I don’t see how it will ever be technically feasible to completely block crawling/scraping. If people are going to be seeing it on their screens, then crawlers will find a way of seeing it too. You could do things to make it more difficult to see on screens, like serve your entire page as an image with added noise to try to defeat OCR, but at that point you’re making it difficult for people, not to mention blocking potentially useful services like search engines.

I’d have thought the best we could hope for would be a combination of (i) robots.txt style do not crawl instructions which responsible LLM builders can follow, and (ii) some kind of attribution if generated content has more than a certain percentage match to content in the training set. Won’t be trivial to implement the last one so I don’t see anyone implementing under their own volition, but they may be forced to if/when there are court cases e.g. about “fair use”.

cornelius · July 1, 2024, 6:56am

Bouncing this old thread up in the hope that some consideration has been given to this over the past year and a bit, especially since robot.txt now supports blocking of AI crawlers and bots

davepolaschek · September 24, 2024, 1:31pm

In today’s news: Cloudflare moves to end free, endless AI scraping with one-click blocking | Ars Technica

markwyner · September 25, 2024, 11:45pm

I never saw this post until now.
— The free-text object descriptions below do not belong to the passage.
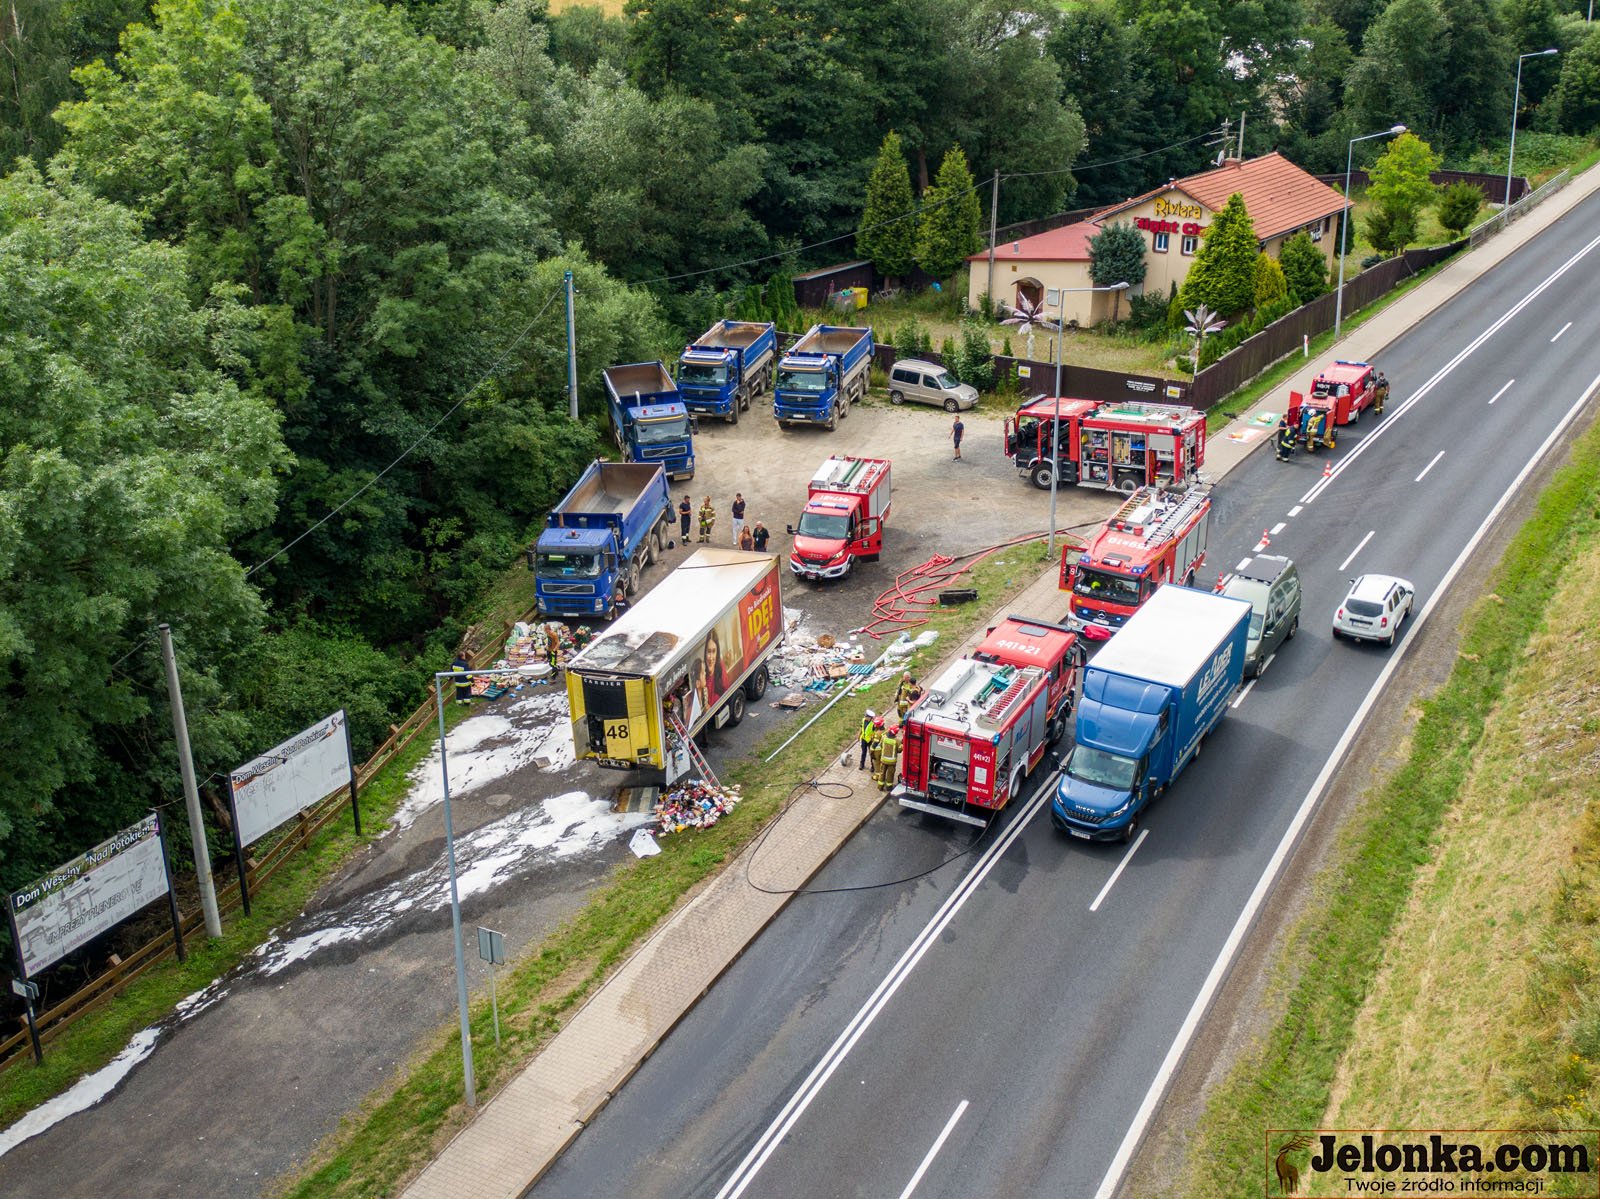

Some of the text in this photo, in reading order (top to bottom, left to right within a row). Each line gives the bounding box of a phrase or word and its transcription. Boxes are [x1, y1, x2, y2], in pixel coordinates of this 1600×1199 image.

[1154, 197, 1203, 219] Riviera
[583, 678, 621, 687] CARRIER
[606, 724, 629, 740] 48
[16, 888, 41, 908] Dom
[41, 864, 82, 893] Weselny
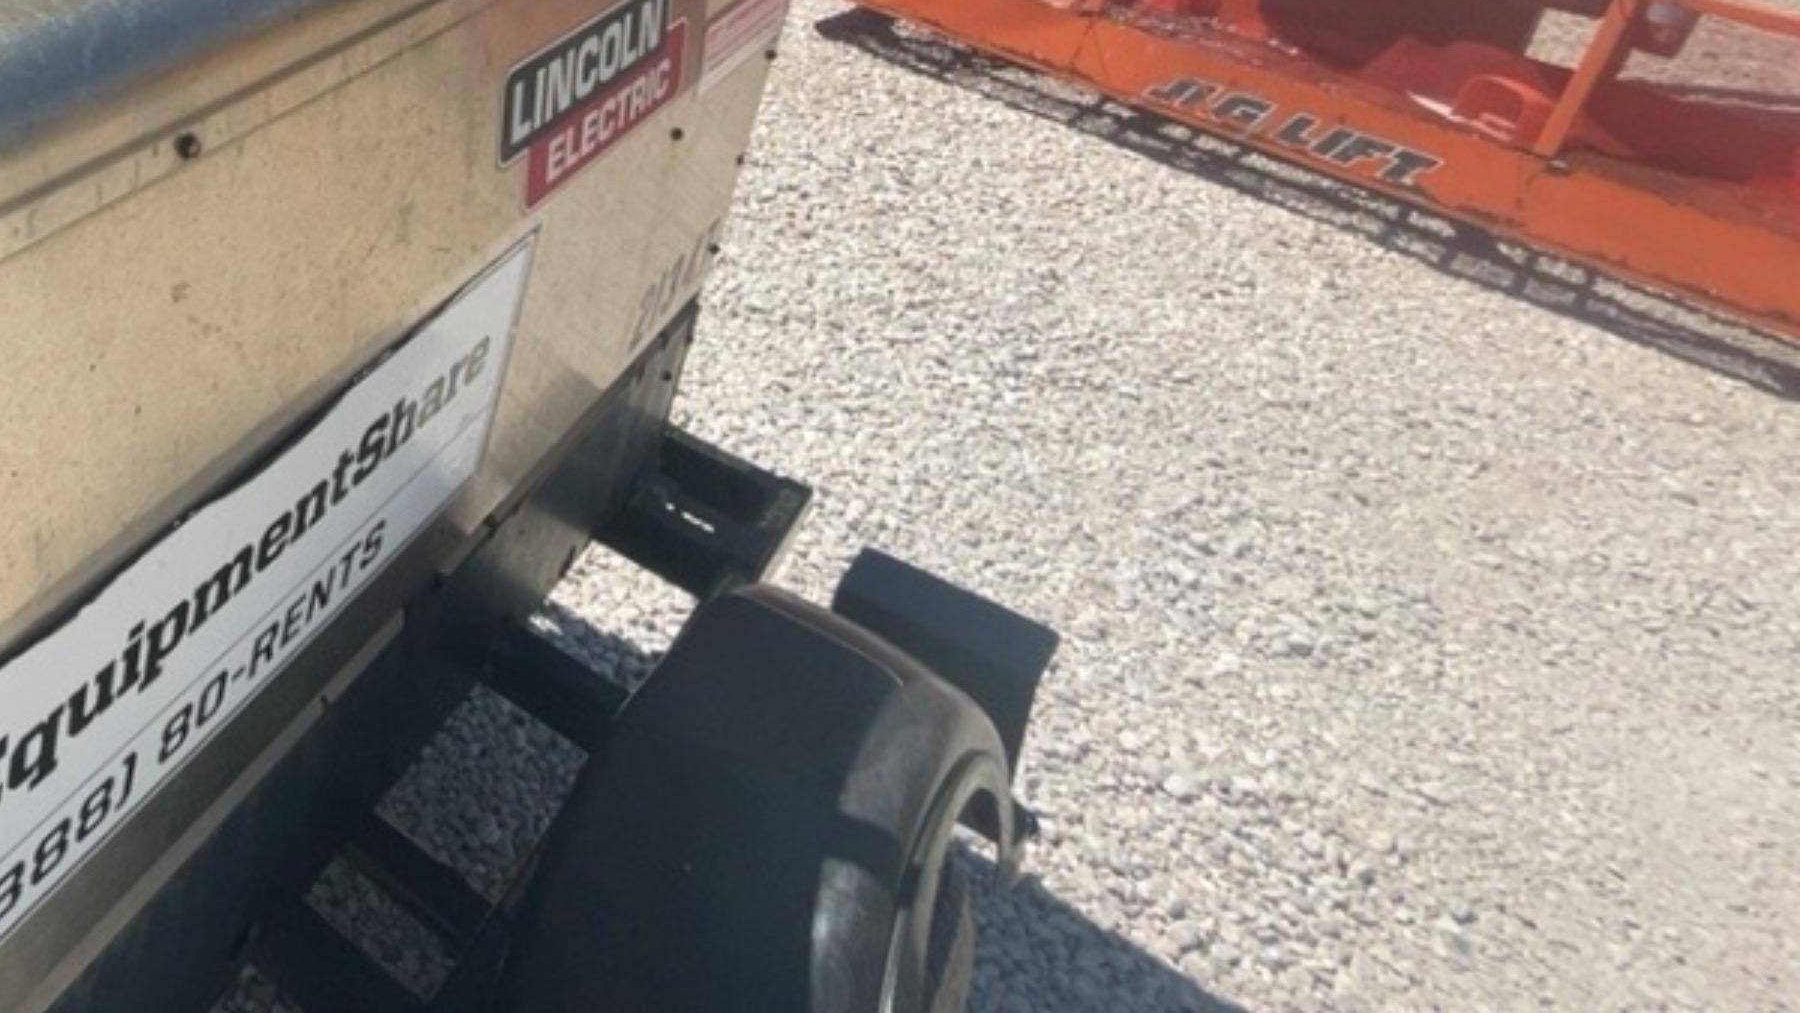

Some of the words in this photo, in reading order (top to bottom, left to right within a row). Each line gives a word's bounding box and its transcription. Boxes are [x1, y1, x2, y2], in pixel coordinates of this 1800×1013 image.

[545, 57, 672, 185] ELECTRIC
[1272, 112, 1444, 187] LIFT
[157, 519, 388, 764] 80-RENTS
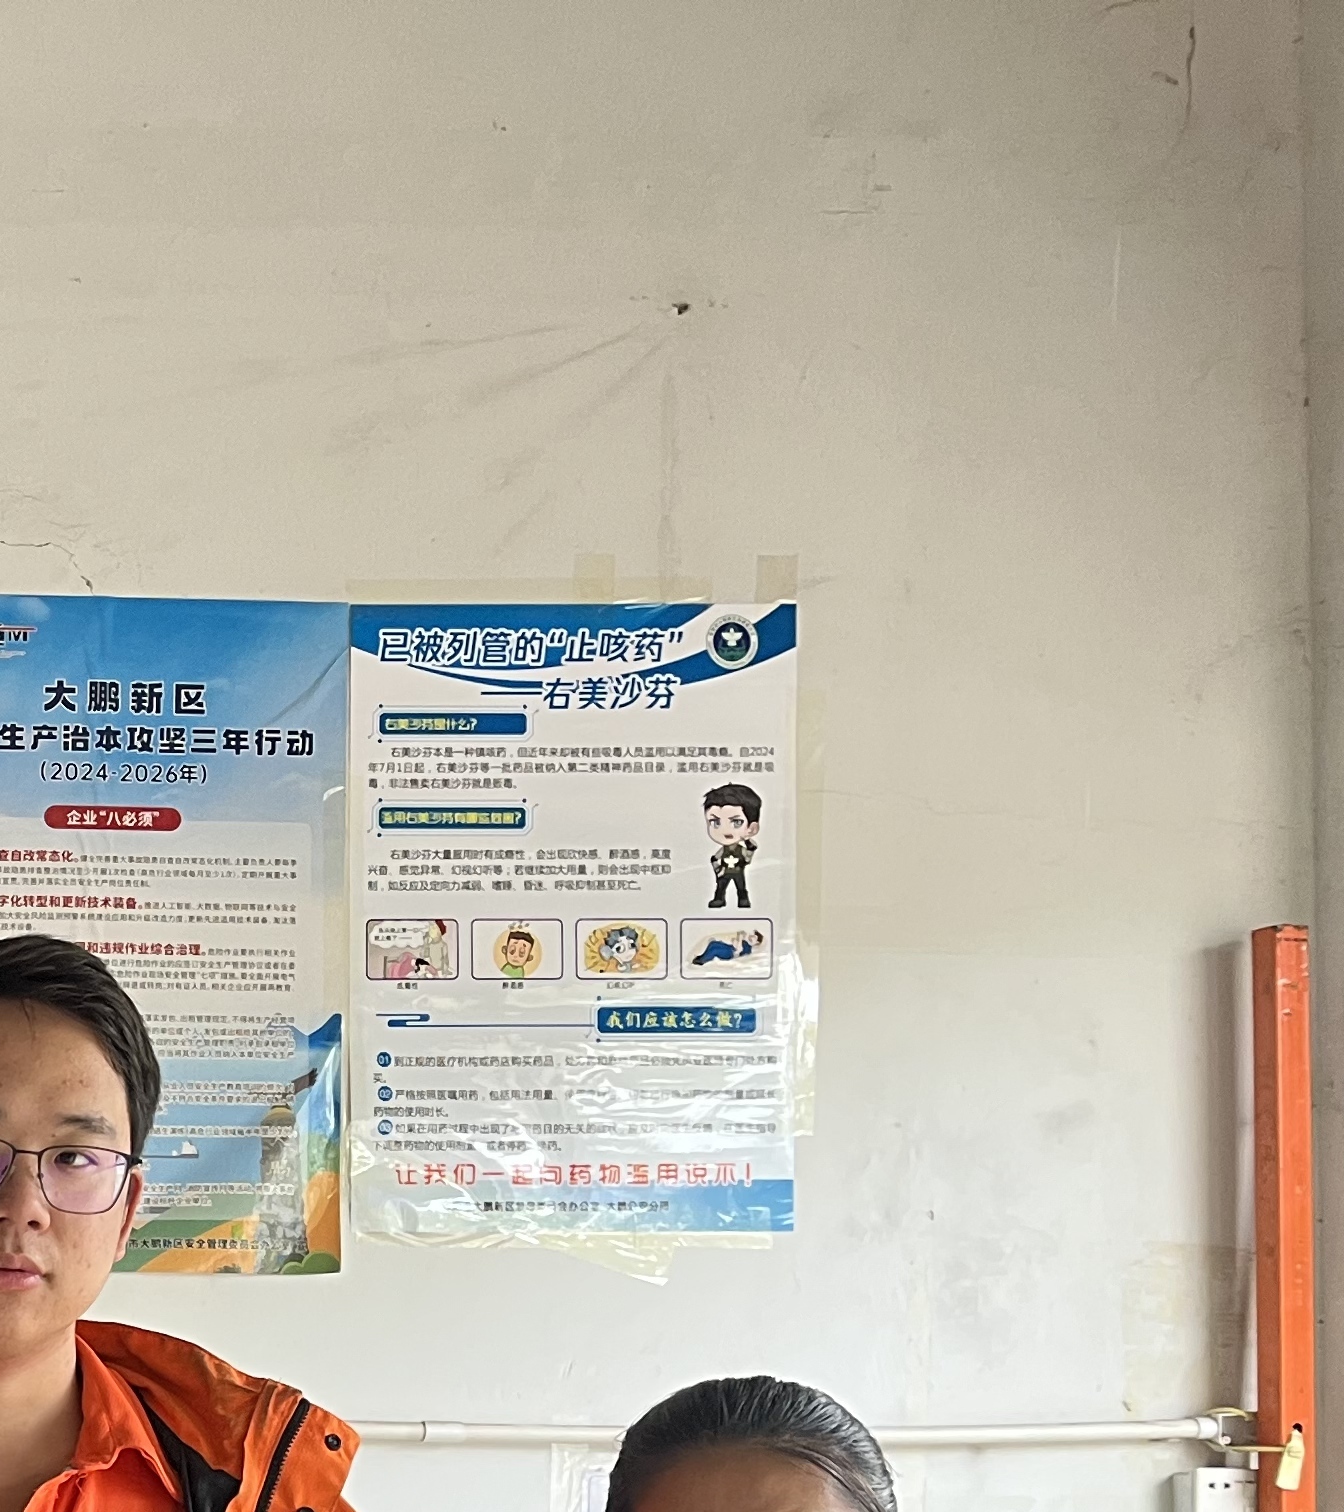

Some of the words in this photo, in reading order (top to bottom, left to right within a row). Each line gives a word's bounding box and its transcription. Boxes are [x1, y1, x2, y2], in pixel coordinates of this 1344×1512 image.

[378, 629, 684, 665] 已被列管的“止咳药”
[43, 680, 207, 716] 大鹏新区
[66, 808, 161, 828] 企业“八必须”
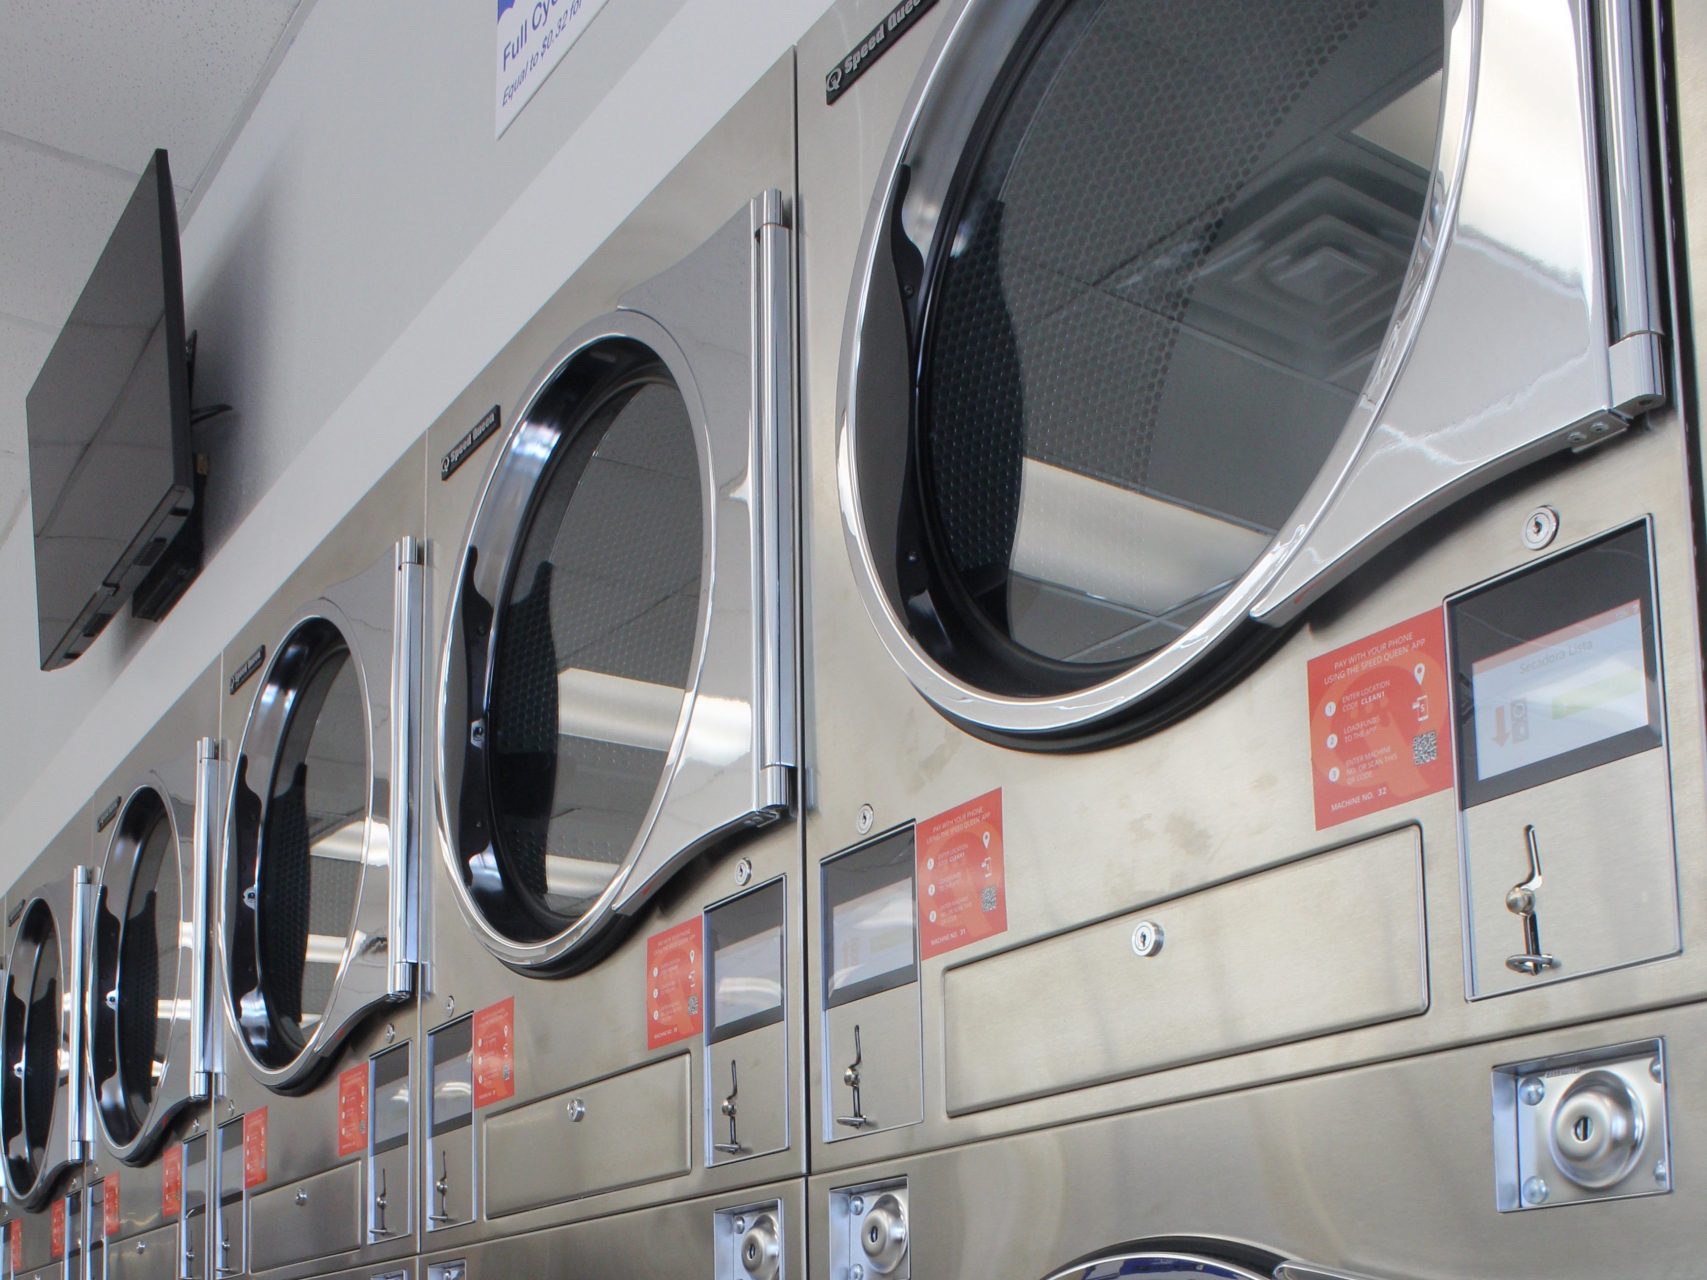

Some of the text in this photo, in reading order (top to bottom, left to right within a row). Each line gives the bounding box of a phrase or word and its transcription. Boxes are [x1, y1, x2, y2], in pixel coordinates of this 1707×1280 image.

[502, 60, 529, 107] Equal
[530, 53, 539, 72] to
[541, 10, 568, 59] $0.32
[503, 19, 527, 72] Full
[844, 23, 885, 74] Speed
[450, 433, 472, 463] Speed
[472, 412, 495, 440] Queen
[1324, 670, 1345, 685] USING
[1346, 665, 1359, 676] THE
[1360, 656, 1383, 671] SPEED
[1411, 639, 1425, 651] APP
[1334, 632, 1414, 670] PAY WITH YOUR PHONE
[1520, 640, 1593, 675] Secadora Lista
[1361, 679, 1390, 696] LOCATION
[1331, 796, 1360, 812] MACHINE
[1377, 787, 1387, 796] 32
If it’s not too late to weigh in, I’d prefer to never have AI access anything I publish online anywhere. So my vote is to block the bots.

nigel · September 26, 2024, 10:09am

I personally quite like this idea

veyne · September 26, 2024, 6:11pm

I don’t give a damn, personally, but I understand.

matt · September 27, 2024, 9:13pm

That’s a pretty good one if it works!

matt · September 27, 2024, 9:13pm

Just an update: as of last week, we’re gradually starting to block common AI scrapers on user blogs across Write.as:

Right now, we’re outright blocking requests from well-known bots at the server level. But next, we’ll roll out robots.txt files for all blogs, which we’ll be able to keep up to date as new platforms / scrapers come out.

nigel · October 1, 2024, 7:41am

awesome.

As the amount of generative content online increases, stuff like our blogs written by actual people will become hot property for these folks unfortunately.

mikeschnier · October 12, 2024, 12:44am

It’s worth considering that scraping can be used for good. I use the same underlying technology (a headless Chrome browser) to monitor job posts in the animation industry and get those job posts in front of animators. I only look at one page per website and only load it once per day.

The animators find out about jobs they otherwise might not have seen. The studios get applicants who otherwise might not have applied. Would the studios be better off by blocking me? I don’t have my script do anything with a website that I couldn’t do myself. Granted, I’m also not using it to scoop up words that someone poured their heart and soul into.

As for AI, I’m not really threatened by it? I don’t know if an AI regurgitated version of my blog has any commercial or artistic value. I don’t know if there’s a point to someone making a fake version of me, pretending to have experiences, asking people to read something that nobody bothered to write. I don’t know if there’s anything to be gained by blocking it.

I think we’re going to look back at a time when we were sold the idea of utterly brainless LLMs thinking for us and wonder how anyone fell for it.

huride · October 26, 2024, 10:04pm

How’s the “gradual” timeline looking like?

Crow · October 31, 2024, 5:40pm

It isn’t so much how we craft, use, or interpret the written word so much as the fact that what we say comes from our own minds. Hence, intellectual property. Now, if Google wanted to pay me one hundred dollars per word of mine they use elsewhere, I would consider that a business, contractual, and feel fine about it. Thereby, giving me the first right of refusal or acceptance. Ideas we have are another thing altogether. On the end of most here I would think that an original theory or concept of coding would be much more valuable than anything I write. This is, to me, is where it gets testy.

pcm · January 3, 2025, 4:42pm

Hi Matt, any timeline on the robots.txt? I would be fine with a simple checkbox, one each for blocking all search engines and one for blocking AI. I don’t mind the latter, but I want the former for my anonymous posts.